Tuesday 22 September 2015

What will be effect if notice sent by public analyst is not served upon accused in prevention of food adulteration case?


The evidence on record goes to show that the
 reports of the Public Analyst were sent on the address
 of the factory premises. The envelopes, however, were
 returned with an endorsement that the factory was
 closed. The respondents categorically stated in their
 statements under section 313 of the Criminal Procedure
 Code, while answering the question No. 20, that
 neither of them received the information about the
 sending of the report on 05-08-1994 by the registered
 post (A.D.).

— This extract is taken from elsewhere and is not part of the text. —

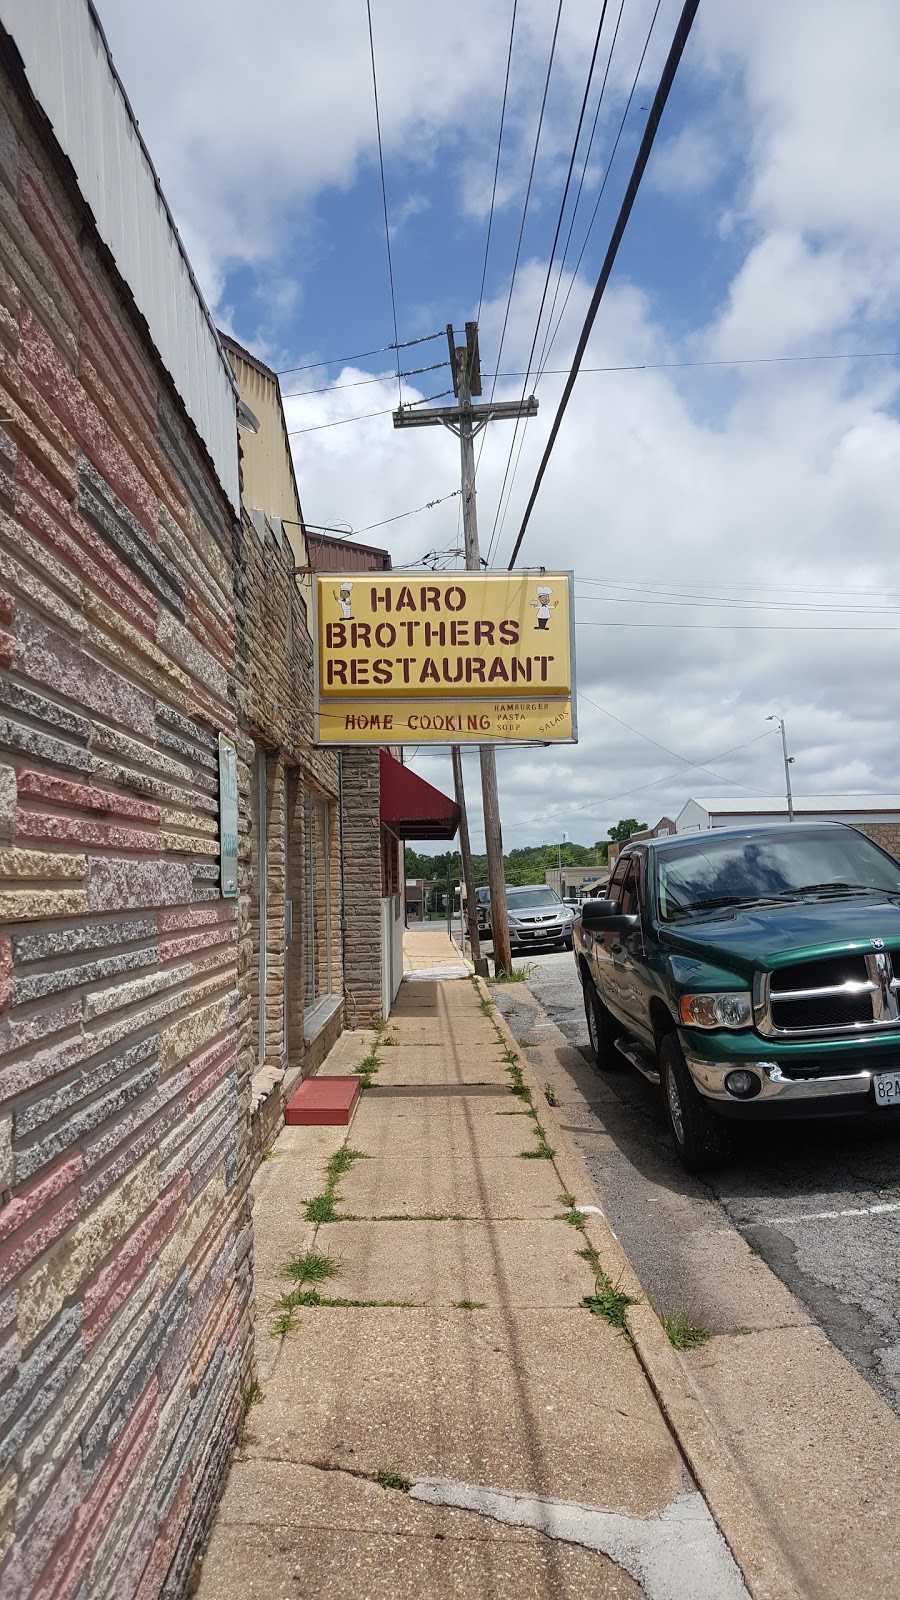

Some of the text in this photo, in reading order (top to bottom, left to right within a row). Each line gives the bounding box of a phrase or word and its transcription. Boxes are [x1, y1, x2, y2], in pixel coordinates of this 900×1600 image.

It is admitted by PW3 Prabhakar,
 Assistant Commissioner, that the postal remark on the
 postal envelopes indicated that the company was
 closed. No effort was made to locate residential
 address of the respondents in order to serve the
 reports of the Public Analyst on them.
 The
 learned Judicial Magistrate seems to have properly
 appreciated the defence of the respondents. The
 non-service of the reports of the Public Analyst also
 gives serious jolt to the prosecution. The
 respondents have been deprived of their valuable right
 available under section 13 (2) of the PFA Act. A
 Single Bench of Andhra Pradesh High Court in
 "Devakakonda Ramesh v. The State of A.P., through
Food Inspector, Adilabad" 2003 (1) FAC 245, held that
 where a report was not served as required, mere
 sending of the report by registered post, which was
 returned unserved, would not amount to sufficient
 service. As stated before, no efforts were taken to
 send the reports to the respondents for personal
 service. The learned Single Judge of the Andhra
 Pradesh High Court held that prejudice was caused to
 the accused and hence, the prosecution would stand
 vitiated under the circumstances. Similar is the view
 taken in "Sibanath Singh v. State of Assam" 2002 (1)
FAC 166. I am in agreement with the view taken in
 both these cases.
IN THE HIGH COURT OF JUDICATURE OF BOMBAY
BENCH AT AURANGABAD
CRIMINAL APPEAL NO. 358 OF 1997
 The State ofMaharashtra,

VERSUS
  Shamsundar Ganeshlal Navandar,

[CORAM: V.R. KINGAONKAR, J.]
DATE OF JUDGEMENT PRONOUNCED : 4th April, 2009
Citation; 2009 ALLMR(cri) 1654



 1.By this common judgement, all the five (5)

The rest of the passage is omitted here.